__About this task__
Everything in the listing should be set down exactly, apart from the pictures.

__Excerpted data__
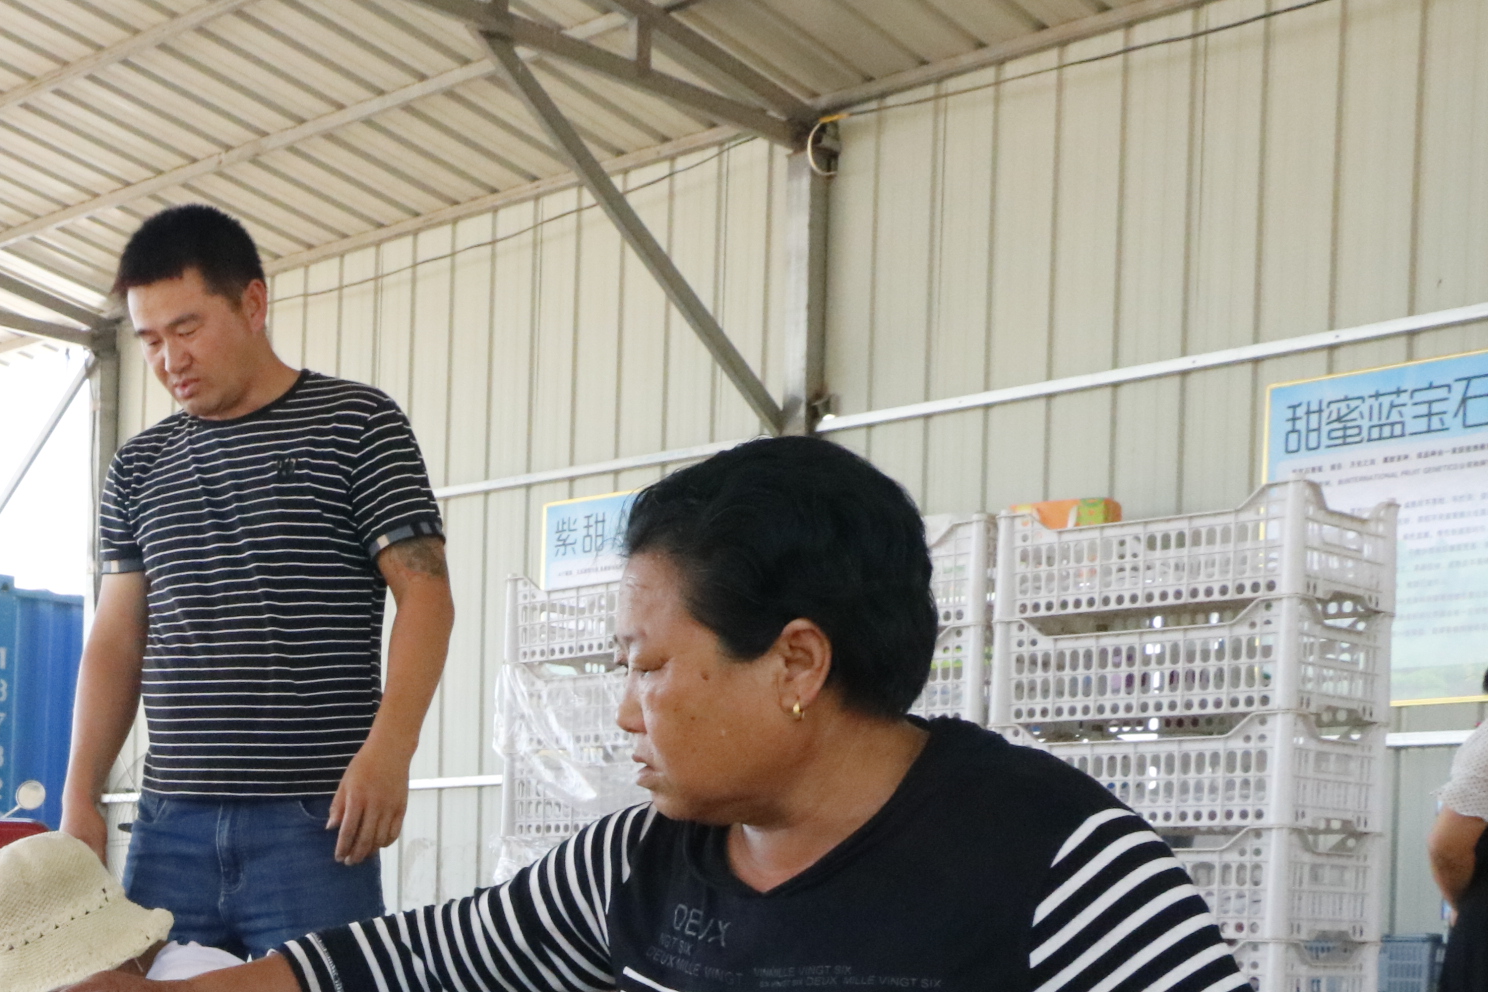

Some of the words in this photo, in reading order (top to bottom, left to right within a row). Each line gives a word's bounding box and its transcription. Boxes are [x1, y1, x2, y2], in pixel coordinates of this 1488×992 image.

[1284, 374, 1488, 454] 甜蜜蓝宝石
[878, 976, 917, 988] VINGT
[920, 978, 942, 989] SIX
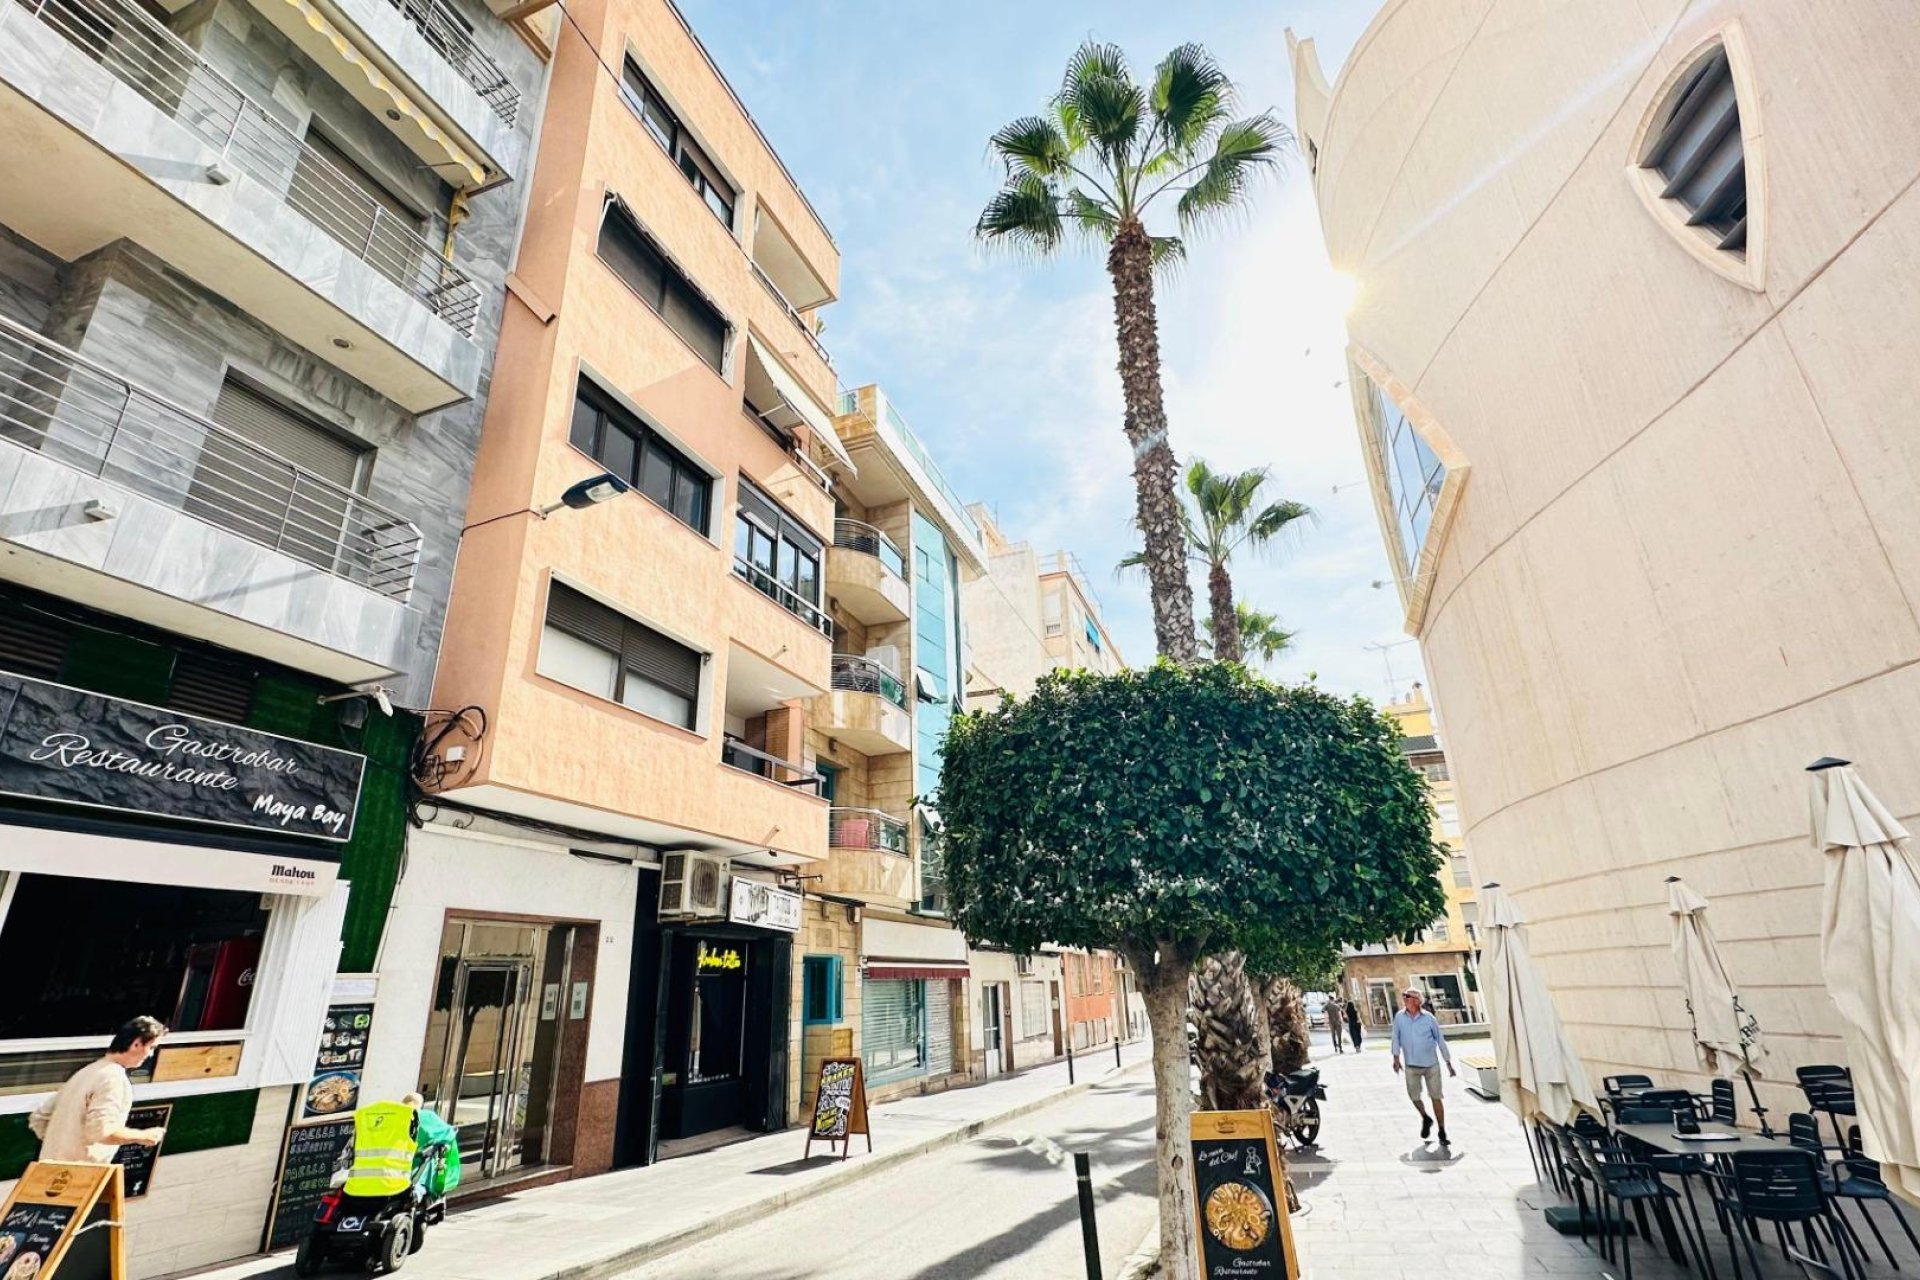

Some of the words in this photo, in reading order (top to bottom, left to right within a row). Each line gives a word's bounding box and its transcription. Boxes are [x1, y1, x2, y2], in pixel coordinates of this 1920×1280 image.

__Answer section__
Some of the words in this photo, in reading order (top to bottom, left to right within a row). Each line gives a word's bounding box and its transcription. Boxes are [x1, y1, x2, y2], in pixel coordinates of this 1488×992 image.

[1284, 374, 1488, 454] 甜蜜蓝宝石
[878, 976, 917, 988] VINGT
[920, 978, 942, 989] SIX

Some of the words in this photo, in reading order (top to bottom, left to right within a row). Each line gives a word's bounding box and its transcription. Boxes are [x1, y1, x2, y2], in pixel coordinates of this 1920×1280 image.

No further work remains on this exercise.